> _DATA FOR THIS TASK_:
Start of Block
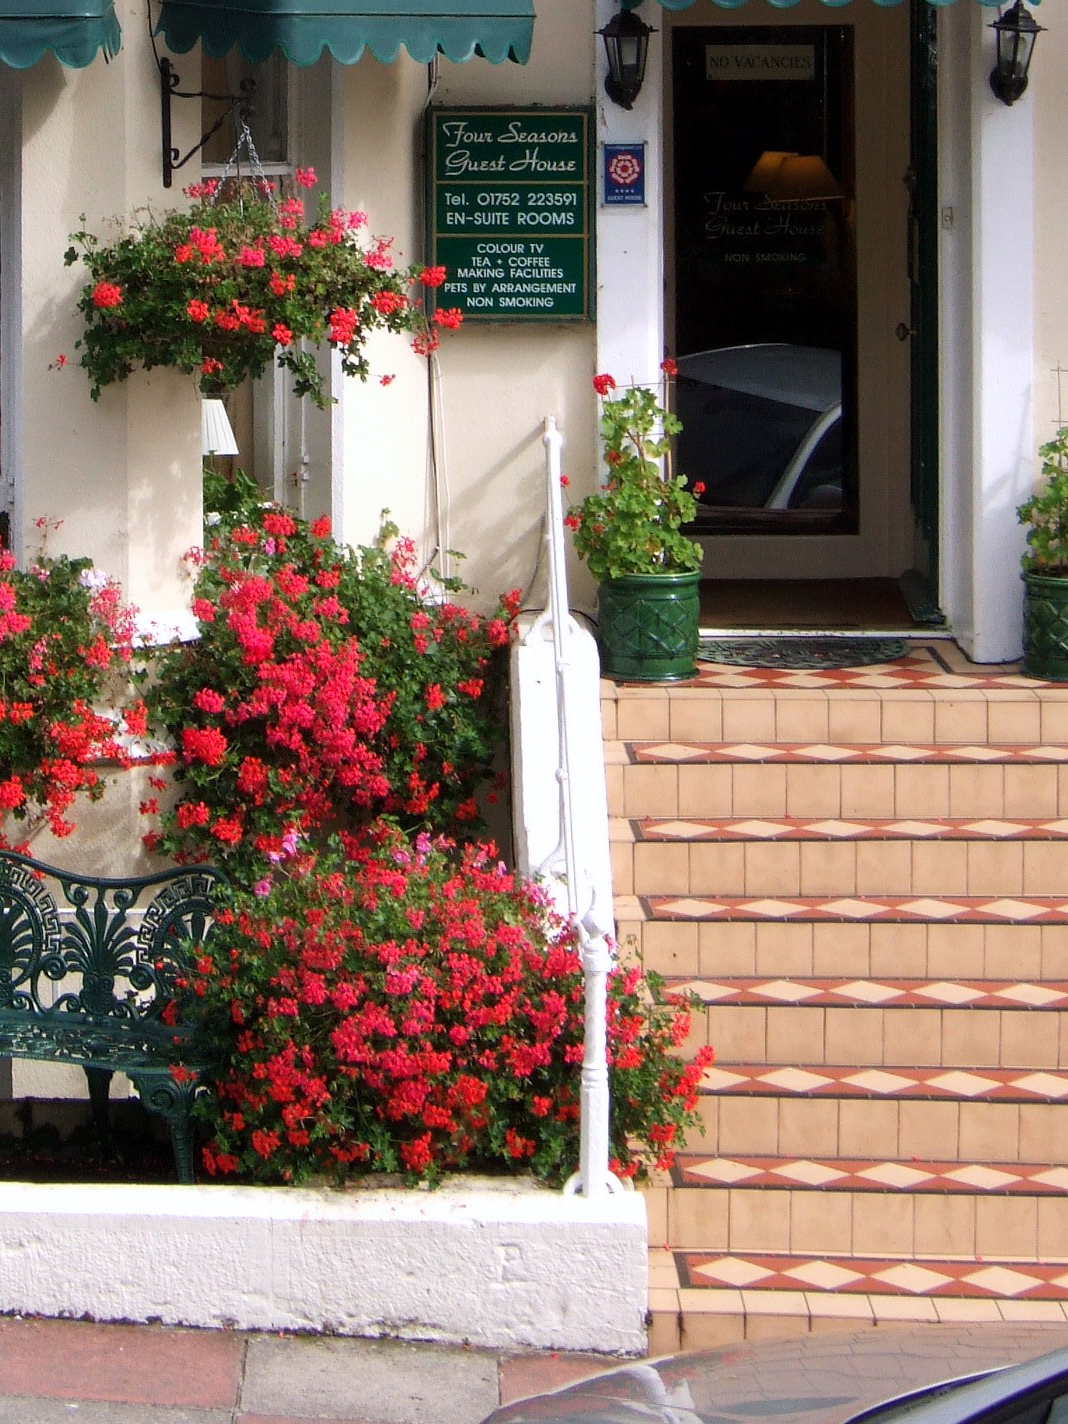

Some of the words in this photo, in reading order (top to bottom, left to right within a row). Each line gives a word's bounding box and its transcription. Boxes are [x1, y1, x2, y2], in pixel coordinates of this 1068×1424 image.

[709, 56, 730, 69] NO
[734, 55, 812, 69] VACANCIES
[442, 121, 493, 147] Four
[497, 121, 579, 143] Seasons
[444, 149, 506, 176] Guest
[509, 147, 577, 172] House
[444, 193, 469, 206] Tel.
[477, 192, 520, 206] 01752
[527, 192, 577, 206] 223591
[446, 212, 509, 225] EN-SUITE
[517, 212, 575, 225] ROOMS
[477, 243, 524, 254] COLOUR
[529, 244, 544, 254] TV
[472, 257, 491, 267] TEA
[508, 257, 550, 267] COFFEE
[457, 268, 505, 278] MAKING
[510, 268, 564, 278] FACILITIES
[444, 283, 468, 293] PETS
[473, 283, 486, 293] BY
[492, 283, 577, 293] ARRANGEMENT
[467, 297, 493, 307] NON
[499, 297, 554, 307] SMOKING
End of Block
> _WHAT IS REQUIRED_: Please return all of the entries word for word, excluding the pictures.

> _WRITTEN SOLUTION_:
Some of the words in this photo, in reading order (top to bottom, left to right within a row). Each line gives a word's bounding box and its transcription. Boxes are [x1, y1, x2, y2], in pixel coordinates of this 1068×1424 image.

[709, 56, 730, 69] NO
[734, 55, 812, 69] VACANCIES
[442, 121, 493, 147] Four
[497, 121, 579, 143] Seasons
[444, 149, 506, 176] Guest
[509, 147, 577, 172] House
[444, 193, 469, 206] Tel.
[477, 192, 520, 206] 01752
[527, 192, 577, 206] 223591
[446, 212, 509, 225] EN-SUITE
[517, 212, 575, 225] ROOMS
[477, 243, 524, 254] COLOUR
[529, 244, 544, 254] TV
[472, 257, 491, 267] TEA
[508, 257, 550, 267] COFFEE
[457, 268, 505, 278] MAKING
[510, 268, 564, 278] FACILITIES
[444, 283, 468, 293] PETS
[473, 283, 486, 293] BY
[492, 283, 577, 293] ARRANGEMENT
[467, 297, 493, 307] NON
[499, 297, 554, 307] SMOKING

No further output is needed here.